Police: No footage yet showing 'Empire' actor being attacked
CHICAGO (AP) — Detectives have reviewed surveillance footage of "Empire" actor Jussie Smollett walking to a downtown Chicago apartment after an early morning visit to a Subway restaurant, but none of it showed an attack on the actor, a police official said Wednesday.
Investigators "for the most part" can confirm the route Smollett took early Tuesday when he says he was attacked by two masked men along a street in the Streeterville neighborhood, police spokesman Anthony Guglielmi said. There are gaps, however, and none of the footage police have reviewed shows an attack, he said, noting that the review is ongoing.
Smollett, who is black and gay and who plays the gay character Jamal Lyon on the hit Fox television show, said the men beat him, subjected him to racist and homophobic insults, threw an "unknown chemical substance" on him and put a thin rope around his neck before fleeing.
Guglielmi said detectives who are investigating the allegations as a possible hate crime have looked at hundreds of hours of surveillance video from businesses and hotels in the heavily monitored area.

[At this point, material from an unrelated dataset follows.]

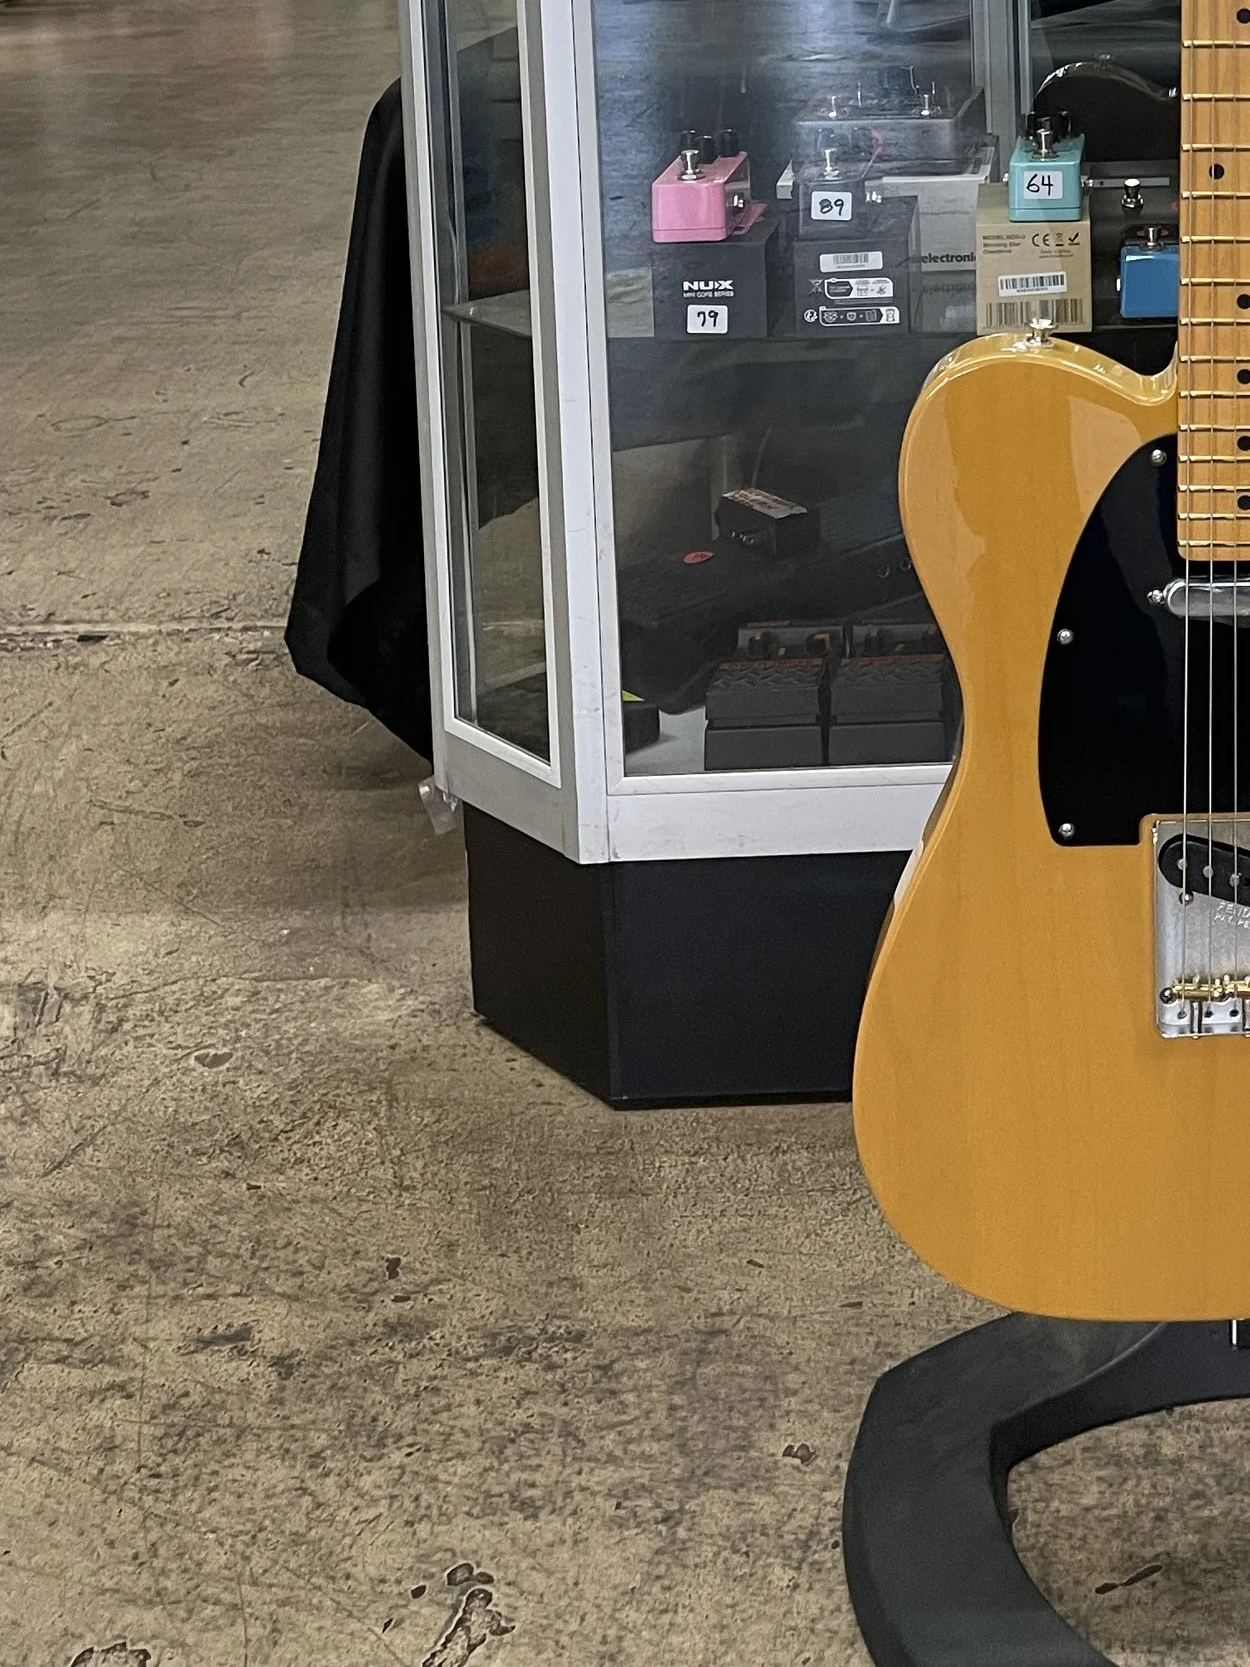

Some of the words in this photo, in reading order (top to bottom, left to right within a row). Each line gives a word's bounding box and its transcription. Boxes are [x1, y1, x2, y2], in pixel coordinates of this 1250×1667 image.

But he said they still need to collect and view more. He said they are expanding the search to include footage from public buses and buildings beyond the scene's immediate vicinity in the hopes of spotting the men who match Smollett's description of the suspects.
"We haven't seen anybody, at this point, matching the description he gave, nobody looks menacing and we didn't find a container anywhere," Guglielmi said, referring to a container for the liquid that the actor said was thrown at him.
Smollett, 36, returned to his apartment and his manager called police from there about 40 minutes later, Guglielmi said. When officers arrived, the actor had cuts and scrapes on his face and the "thin rope" around his neck that he said had been put there by his assailant, he said. Smollett later went to Northwestern Memorial Hospital after police advised him to do so.